British businessman and philanthropist (1949–2017)

Sir Paul Rupert Judge (25 April 1949 – 21 May 2017) was an English business and political figure. He served as Chairman of the Royal Society of Arts, President of the Chartered Management Institute, and Deputy Chairman of the American Management Association. He also served as the Director General of the Conservative Party and a Ministerial Advisor to the Cabinet Office. He was educated at Trinity College, Cambridge.

==Early life==
Paul Rupert Judge was born at Queen Charlotte's and Chelsea Hospital in London on 25 April 1949. As a child, he attended St Dunstan's College, an independent school in Catford, London. Following this, he went up to study at Trinity College, Cambridge, after being awarded an Open Scholarship.

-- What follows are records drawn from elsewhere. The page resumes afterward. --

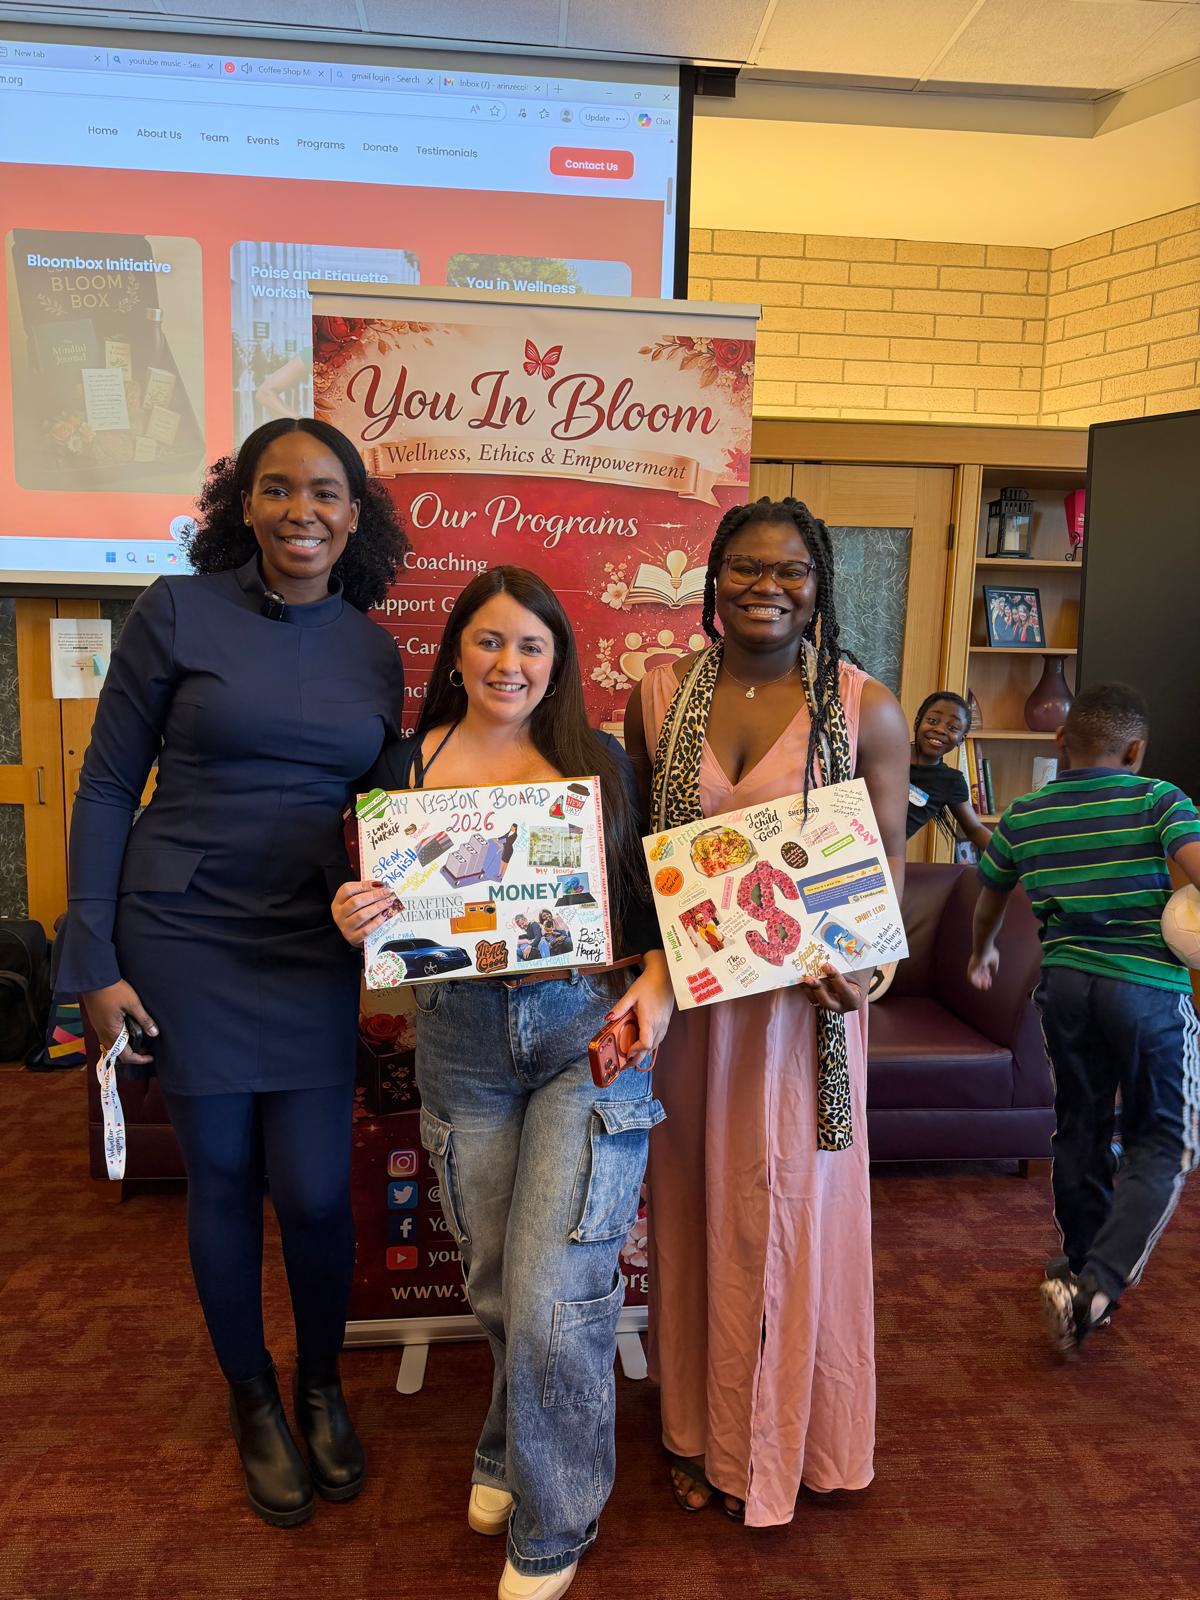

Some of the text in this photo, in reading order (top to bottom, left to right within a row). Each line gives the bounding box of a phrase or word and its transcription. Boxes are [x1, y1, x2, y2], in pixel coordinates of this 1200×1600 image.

[14, 48, 45, 58] New tab
[129, 57, 158, 66] youtube
[160, 59, 181, 67] music
[258, 65, 281, 75] Coffee
[283, 68, 300, 77] Shop
[352, 73, 371, 82] gmail
[372, 74, 390, 83] login
[397, 75, 419, 84] Search
[460, 79, 479, 88] Inbox
[585, 113, 671, 126] Update Chat
[88, 125, 478, 158] Home About Us Team Events Programs Donate Testimonials
[565, 159, 619, 171] Contact Us
[27, 254, 103, 271] Bloombox
[106, 257, 172, 273] Initiative
[51, 274, 123, 292] BLOOM
[251, 265, 389, 283] Poise and Etiquette
[467, 276, 577, 295] You in Wellness
[71, 293, 110, 309] BOX
[345, 363, 721, 442] You In Bloom
[385, 441, 688, 480] Wellness, Ethics & Empowerment
[409, 491, 640, 549] Our Programs
[402, 551, 489, 575] Coaching
[368, 597, 436, 617] upport
[391, 787, 551, 815] MY VISION BOARD
[754, 810, 779, 829] child
[788, 806, 820, 817] SHEPERD
[446, 811, 495, 832] 2026
[849, 818, 878, 846] PRAY
[372, 848, 404, 878] SPEAK
[489, 882, 561, 901] MONEY
[400, 908, 465, 923] MEMORIES
[854, 904, 886, 924] SPIRIT LEAD
[578, 928, 594, 944] Be
[877, 927, 901, 954] All Things
[878, 923, 893, 940] Makes
[576, 943, 604, 962] Happy
[890, 939, 902, 952] New
[726, 954, 740, 966] The
[728, 957, 747, 974] LORD
[805, 953, 824, 972] hope

Later in life, he was appointed a Thouron Fellow at the Wharton School at the University of Pennsylvania. He maintained close ties to the University of Cambridge all his life and was major benefactor to the Cambridge Judge Business School, which is named in his honour.

==Career==
His early career was with Cadbury Schweppes, where he undertook a number of international postings and projects, and where he led the buyout of their food companies in 1985 to form Premier Brands, which was successfully sold in 1989. In the 1990s, he was Chairman of Food from Britain, Director General of the Conservative Party (1992–95) and a Ministerial Advisor to the Cabinet Office, resigning in 2009, disillusioned by scandals.

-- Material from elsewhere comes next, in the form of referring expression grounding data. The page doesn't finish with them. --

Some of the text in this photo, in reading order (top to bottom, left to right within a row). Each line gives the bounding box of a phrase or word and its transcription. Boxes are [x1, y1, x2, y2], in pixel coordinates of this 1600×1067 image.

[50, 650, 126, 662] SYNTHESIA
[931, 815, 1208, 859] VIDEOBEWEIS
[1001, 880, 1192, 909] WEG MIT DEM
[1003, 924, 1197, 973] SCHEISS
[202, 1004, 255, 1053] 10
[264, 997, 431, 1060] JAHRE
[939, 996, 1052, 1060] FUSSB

In the 2000s, he was Chairman of the Royal Society of Arts and of Teachers TV, President of the Chartered Management Institute, Deputy Chairman of the American Management Association, a Director of Standard Bank Group of South Africa, which is Africa's largest bank and is quoted on the Johannesburg Stock Exchange, and Master of the Worshipful Company of Marketors.

== Appointments ==
Judge's honorary appointments included being an Alderman of the City of London, President of The Chartered Institute of Marketing and of the Association of MBAs, Chairman of the Enterprise Education Trust, of St Dunstan's College and of the British-Serbian Chamber of Commerce, UK Chairman of the British–North American Committee, a Special Adviser to the Royal Institute of International Affairs at Chatham House where he chaired the North American Advisory Council and a Member of the Council of the Crown Agents.

He was the President of Togo's International Advisory Council and was a member of the Advisory Board for HEC in Paris, for the Athens University of Economics and Business and for the Russian Presidential Academy of National Economy and Public Administration. He was an Emeritus Trustee of The Cambridge Foundation and a member of the University of Cambridge's Alumni Advisory Board (for which he chaired the University's Alumni Communications Group), and in 1990 he endowed £8 million to the University of Cambridge for the foundation of the Cambridge Judge Business School.

Judge was also a Member of the Finance Committee and of the Alumni Advisory Committee of Trinity College, Cambridge. From 2005 to 2008, he was Chair of the Teachers TV Board of Governors and from 2000 to 2009 was Chairman of the Marketing Standards Board.

=== UK commercial appointments ===
At his death, Judge was Chairman of Schroder Income Growth Fund, a European equity focused investment trust, a director of ENRC plc, whose main mining assets are in Kazakhstan, Southern Africa and Brazil, and of the United Kingdom Accreditation Service, which is the government-sponsored umbrella body for International ISO and other standards in the UK.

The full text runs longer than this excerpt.